Cheyenne eyed the black metal leg and nodded. “Yeah. After I buried that thing in the middle of the tunnel.”
“What? You engaged it?”
“Hey, it engaged me. And everyone else down there. I wasn’t about to let it tear the place apart.”
“Cheyenne, did you attack it with your personal weapons?”
“We’re still talking in code, right?”
“Answer the question!”
She pulled the phone away from her ear and frowned at it. “Yeah. That’s pretty much my go-to reaction. Something drops out of the wall and comes running at me, I’m gonna get it with fire first. I mean, not that fire.”
“But you made direct contact.”
“That’s what I said. Then it turned on me, and I had to improvise.”
“Shit.” Corian’s phone clattered against a hard surface, and Persh’al’s voice came through closer than before.
“What’s going on?”
“Put that thing on speaker, will you?”
“Uh, yep.” There was a tap, then the blue troll’s steady breathing came through loud and clear. “You’re on speaker, kid.”
Cheyenne frowned at the black metal leg on her couch. “What’s going on?”

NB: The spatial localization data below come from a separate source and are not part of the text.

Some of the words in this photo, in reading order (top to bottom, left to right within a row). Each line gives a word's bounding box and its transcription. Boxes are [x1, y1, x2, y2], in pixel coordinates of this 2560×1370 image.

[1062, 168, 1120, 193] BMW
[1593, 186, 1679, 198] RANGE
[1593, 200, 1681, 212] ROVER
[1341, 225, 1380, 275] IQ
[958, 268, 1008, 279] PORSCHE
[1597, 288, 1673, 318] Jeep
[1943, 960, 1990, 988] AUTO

“If you’d buried that thing using nothing but earth, Cheyenne,” Corian called from some distance away, “we wouldn’t have this problem. But a direct attack means that thing’s operating system, more or less, got a lock on your signature. That was the one thing they didn’t have.”
“Christ.” The halfling rolled her eyes and glanced at Ember, who widened her eyes in a silent request for an explanation. Cheyenne shook her head and lifted a finger. “So, what do we do?”
“I’m coming to get you. Where are you?”
“At home. My apartment. Just don’t show up in Ember’s bedroom or anything, okay?”